When the going gets weird, the weird turn pro. - Hunter S. Thompson

03 February 2008

In heavy rotation: eMusic

I love eMusic.

eMusic caters to music lovers of all types in the underserved 25-54 demographic. It does so by cultivating a vast catalogue from the world’s top independent labels that spans every conceivable musical genre, by offering unrivaled music discovery tools and by providing tracks in a high bit rate (192K VBR) MP3 format with no DRM. It all adds up to a pro-consumer experience that gives subscribers the ultimate in flexibility, and just as importantly, ample opportunities to discover new, exciting music.

For a flat fee, you can purchase a package of downloads every month (I pay $19.99 for 75 tracks every month, or 27 cents a download for those of you too lazy to do the math at home; cheaper and more expensive plans are available for those who want to download less, or more, respectively.) One of the best features of eMusic is a preference matching engine that tracks what you download and suggests music you might like, based on what other users who have downloaded similar stuff are listening to.

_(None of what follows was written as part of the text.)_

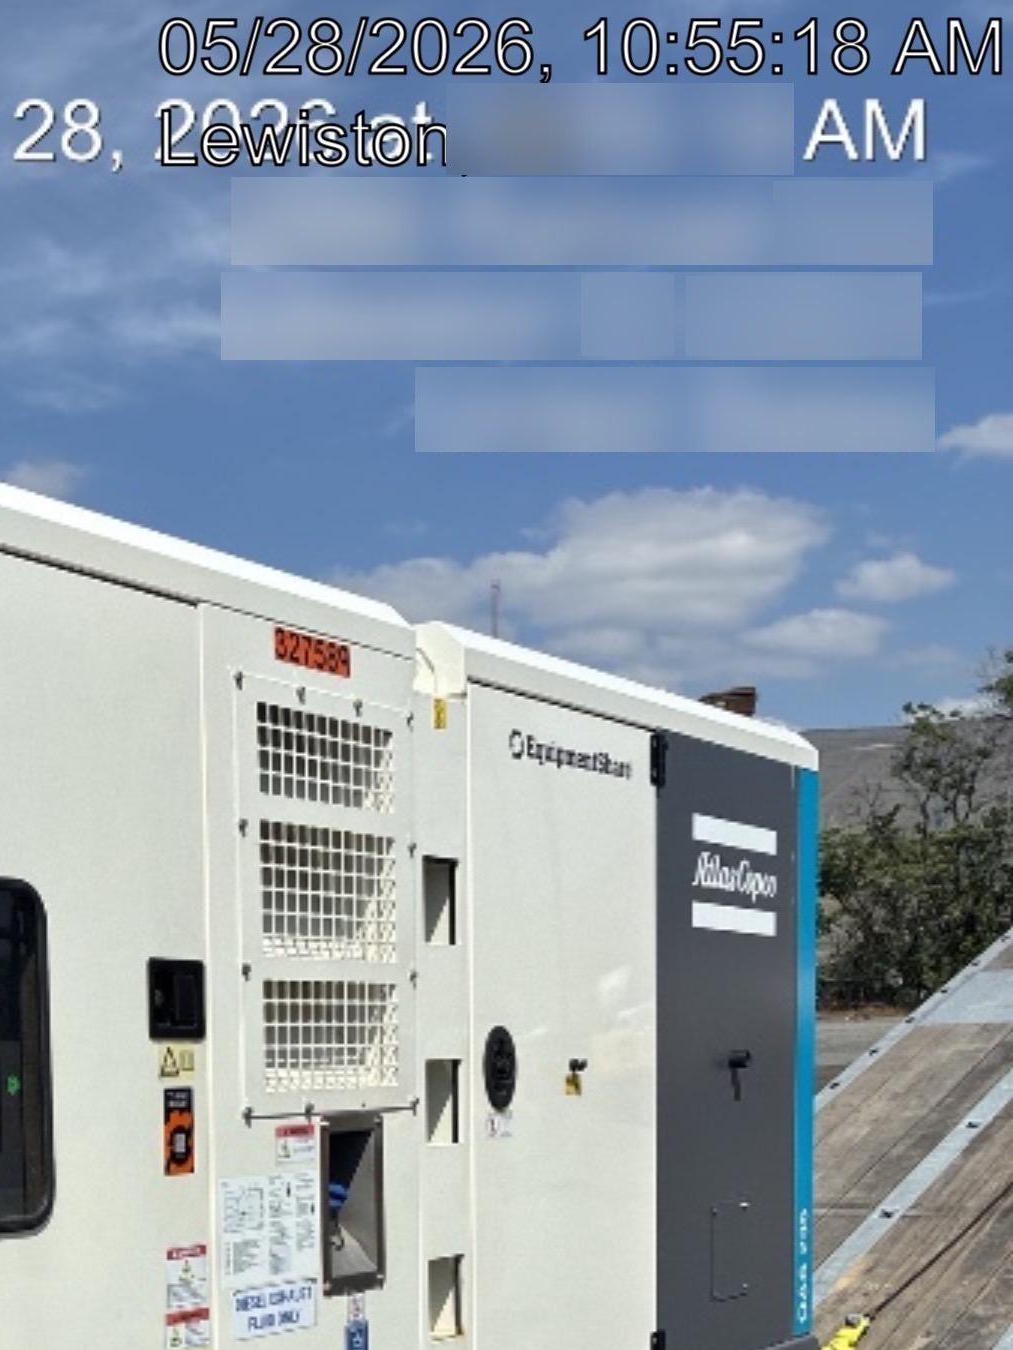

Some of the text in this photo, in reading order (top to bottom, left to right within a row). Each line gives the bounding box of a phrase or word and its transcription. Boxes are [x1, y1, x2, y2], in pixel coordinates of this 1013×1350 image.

Unfortunately for me, eMusic doesn't have an affiliate model, because I've certainly convinced a lot of people to try it; fortunately for you, they have a "get 50 downloads free" trial plan that you can check out for yourself.

Some recent eMusic finds, currently getting heavy airplay on iTunes at home, at work, and in transit:
  • Ze Records has reissued Was (Not Was)'s "Out Come The Freaks," a compilation of their work from the early 1980s complete with remixes and bonus tracks.
  • I've become very familiar of late with the gypsy-punk stylings of Gogol Bordello and the semi-deranged world music of Manu Chao.
  • The jazz section is just tremendous and features some wonderful live recordings. In recent weeks, I've download Bud Powell (At the Blue Note Cafe, 1961); Sarah Vaughn (Live at the 1971 Monterey Jazz Festival); Thelonious Monk (Live in Paris); and Louis Armstrong (at a much earlier Monterey Jazz Festival, in 1958.)
  • There are some delightful oddities, too. Last year, Lou Reed released an ambient music album called "Hudson River Wind Meditations." I've never seen it any place but eMusic.